▶ ACTIVITY: Print the data exactly as written, line for line, and leave its pictures behind.

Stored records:
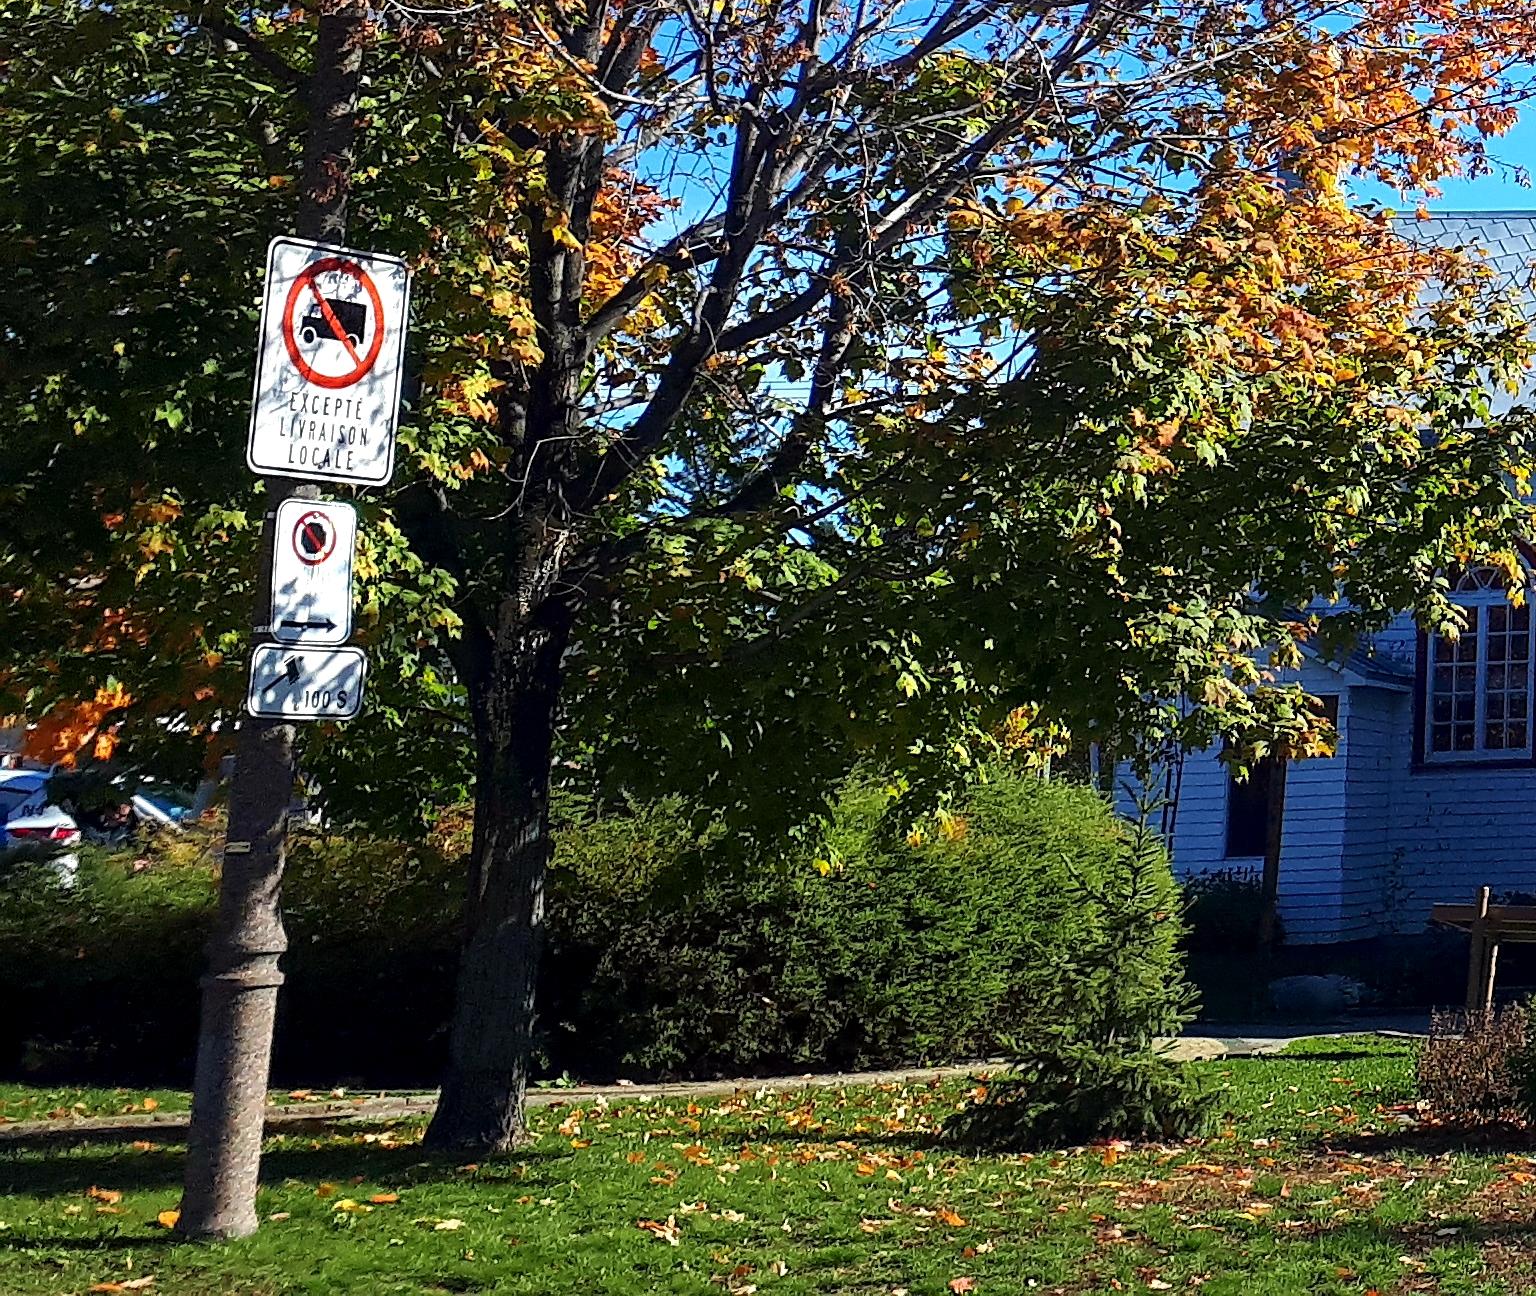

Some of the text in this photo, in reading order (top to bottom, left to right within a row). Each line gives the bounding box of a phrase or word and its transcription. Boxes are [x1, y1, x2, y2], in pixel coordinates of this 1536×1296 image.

[290, 391, 363, 420] EXCEPTÉ
[280, 416, 368, 446] LIVRAISON
[288, 444, 354, 471] LOCALE
[305, 690, 330, 708] 100

▶ RESPONSE AREA:
Some of the text in this photo, in reading order (top to bottom, left to right within a row). Each line gives the bounding box of a phrase or word and its transcription. Boxes are [x1, y1, x2, y2], in pixel coordinates of this 1536×1296 image.

[290, 391, 363, 420] EXCEPTÉ
[280, 416, 368, 446] LIVRAISON
[288, 444, 354, 471] LOCALE
[305, 690, 330, 708] 100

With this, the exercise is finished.